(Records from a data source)
-- -- --

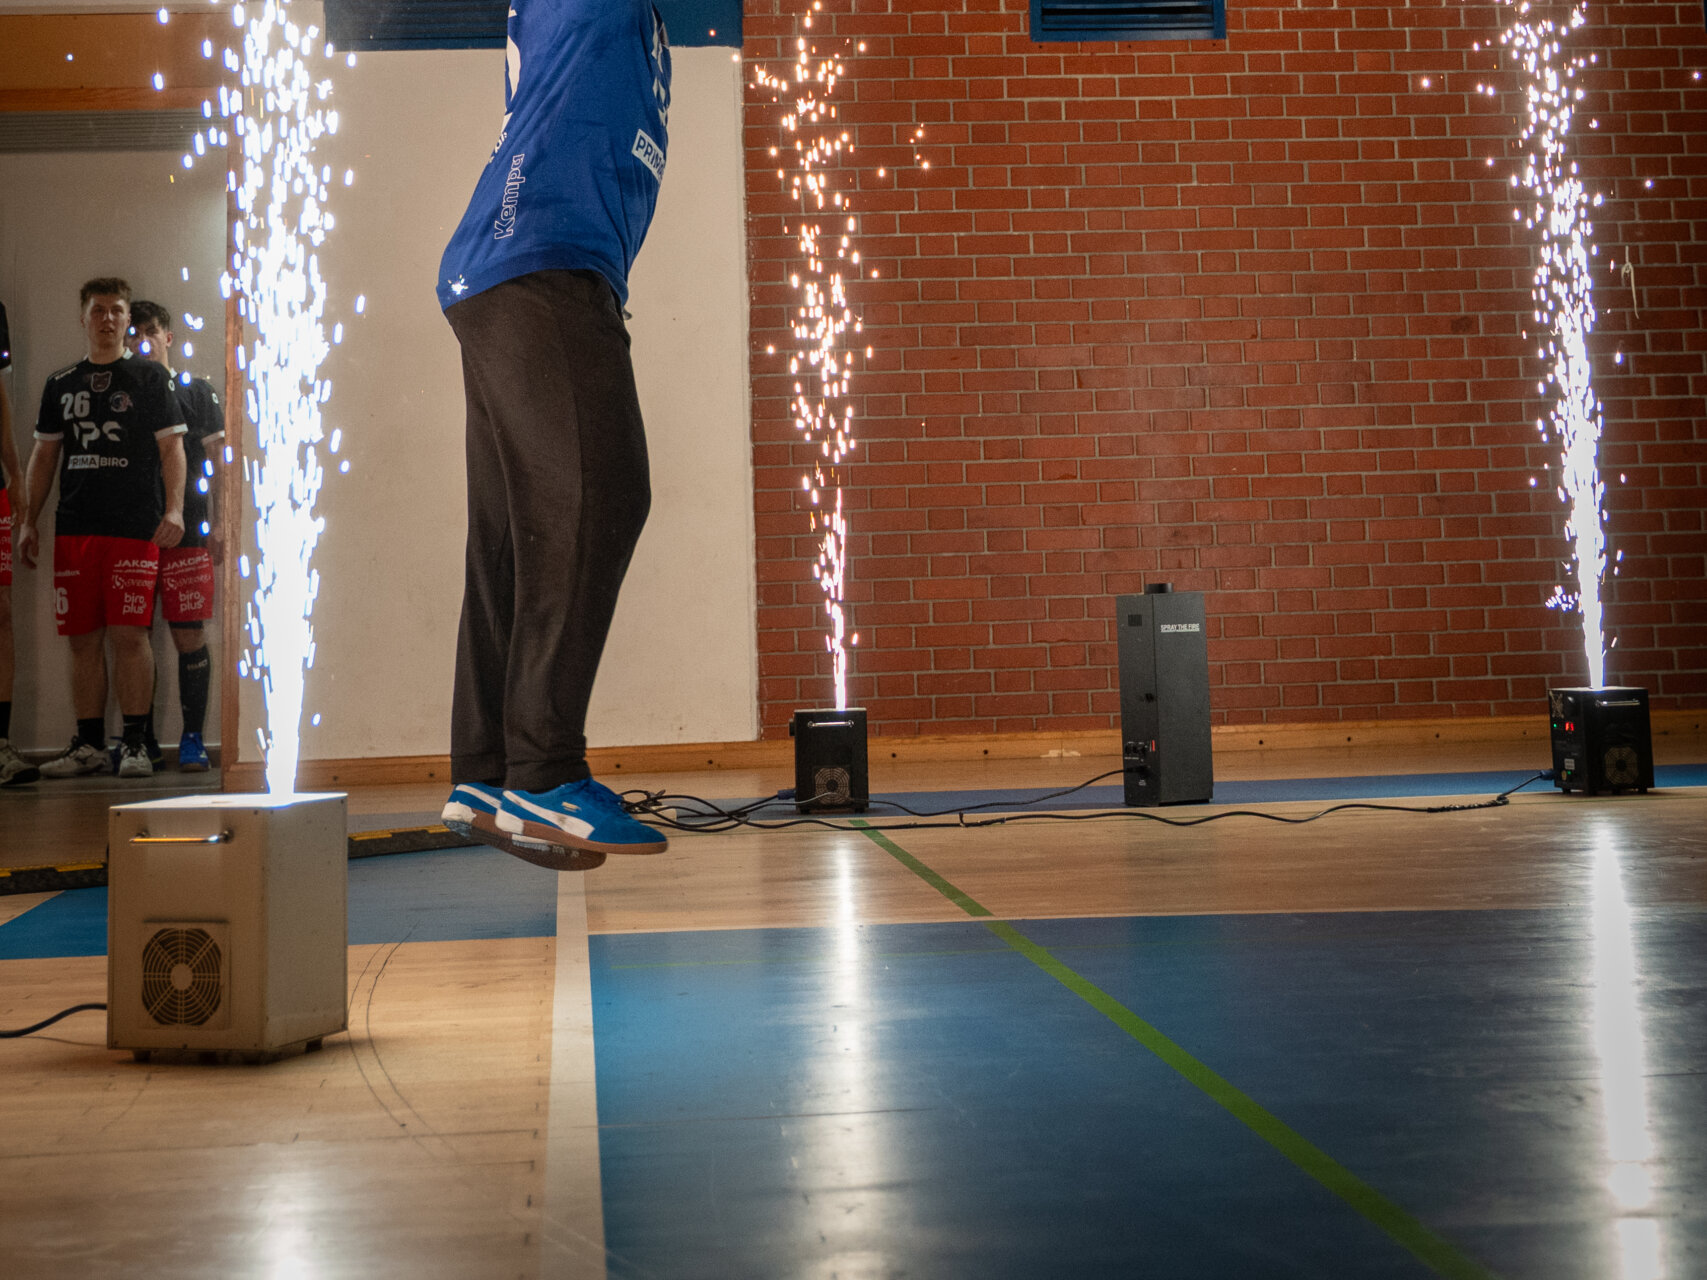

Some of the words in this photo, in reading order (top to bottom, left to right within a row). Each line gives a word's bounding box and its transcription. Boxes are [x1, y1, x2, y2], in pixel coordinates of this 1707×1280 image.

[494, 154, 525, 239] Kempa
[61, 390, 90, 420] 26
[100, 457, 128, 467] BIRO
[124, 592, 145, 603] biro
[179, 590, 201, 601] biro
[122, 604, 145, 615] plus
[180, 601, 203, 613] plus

-- -- --

### The task
Hand back the records above exactly, leaving out every picture.

### Solution to this task
Some of the words in this photo, in reading order (top to bottom, left to right within a row). Each line gives a word's bounding box and its transcription. Boxes are [x1, y1, x2, y2], in pixel coordinates of this 1707×1280 image.

[494, 154, 525, 239] Kempa
[61, 390, 90, 420] 26
[100, 457, 128, 467] BIRO
[124, 592, 145, 603] biro
[179, 590, 201, 601] biro
[122, 604, 145, 615] plus
[180, 601, 203, 613] plus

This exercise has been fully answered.